Photo Credit: Kim Klement-USA TODAY Sports

Roberto Osuna, An Inspiration

The Blue Jays are heading into their third day without stud closer Roberto Osuna available out of the bullpen. Osuna has out on Friday and Saturday with what he described as anxiety issues. He was open and honest about his issues with the media on Saturday, saying:

“I really don’t know how to explain it. I just feel anxious. I feel like I’m lost a little bit right now. I’m just a little bit lost right now. This has nothing to do with me being on the field. I feel great out there. It’s just when I’m out of baseball, when I’m not on the field, that I feel just weird and a little bit lost. I wish I knew how to get out of here and how to get out of this. We’re working on it, we’re trying to find ways to see what can make me feel better but to be honest, I just don’t know.”

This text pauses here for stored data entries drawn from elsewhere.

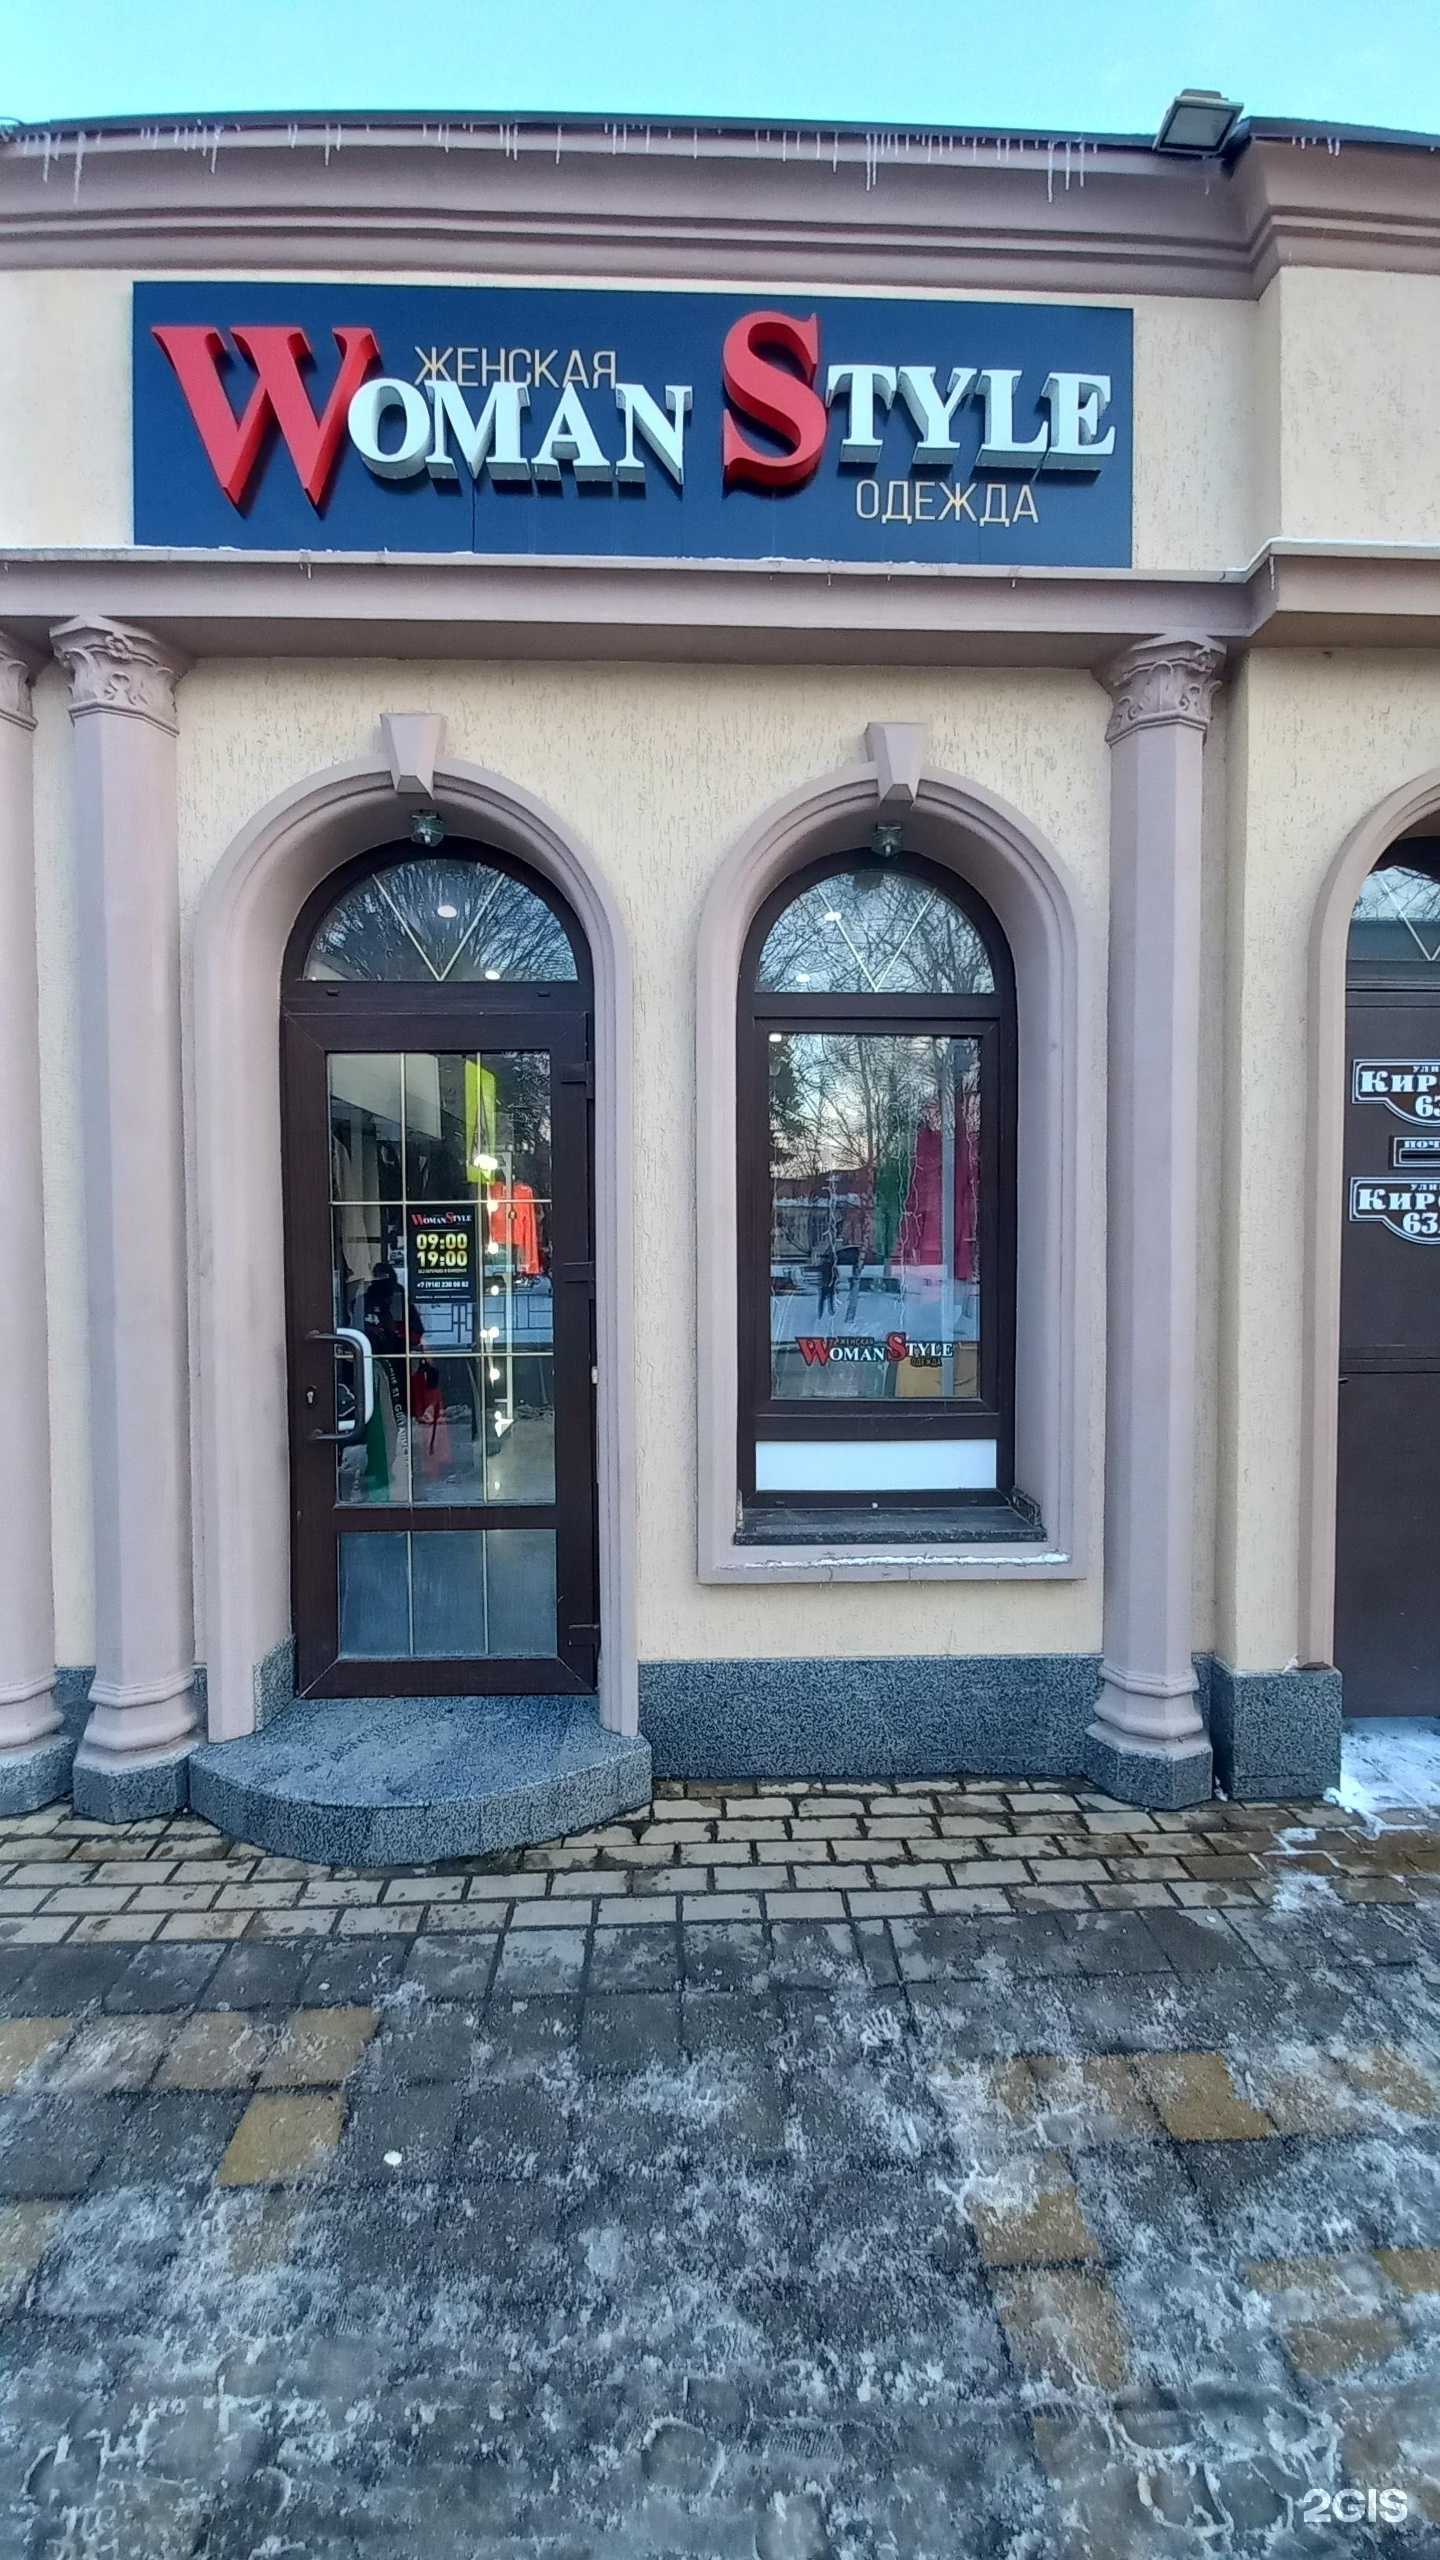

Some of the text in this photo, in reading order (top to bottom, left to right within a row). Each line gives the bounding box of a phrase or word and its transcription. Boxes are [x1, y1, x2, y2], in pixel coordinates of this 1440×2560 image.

[414, 345, 617, 390] ЖЕНСКАЯ
[151, 311, 1117, 506] WOMAN STYLE
[855, 479, 1039, 528] ОДЕЖДА
[416, 1233, 468, 1250] 09:00
[416, 1250, 468, 1267] 19:00
[797, 1332, 953, 1366] WOMAN STYLE

I can’t stress enough how impressed I am with this young man. I suffer from anxiety myself, stemming from my diagnosed ADHD and mild bi-polar issues. I have dealt with it for my whole life, and I just watch sports for a living. To be a professional athlete, in a world and time where sports stars every move can be tracked and followed — still performing like the absolute beast he is with 19 saves so far this year, is nothing short of stellar. There are some days I don’t feel like walking out my front door for fear of running into the polite and friendly neighbours.

It’s always an incredible thing when an athlete opens up about mental health issues. For a guy like Osuna, I have no doubt it’s difficult. You’re not sure how the world will perceive your issue. The stigma around mental health, while improving, is still there. When one of these people acknowledges the struggle they deal with it shows others that there is nothing wrong with admitting you feel this way.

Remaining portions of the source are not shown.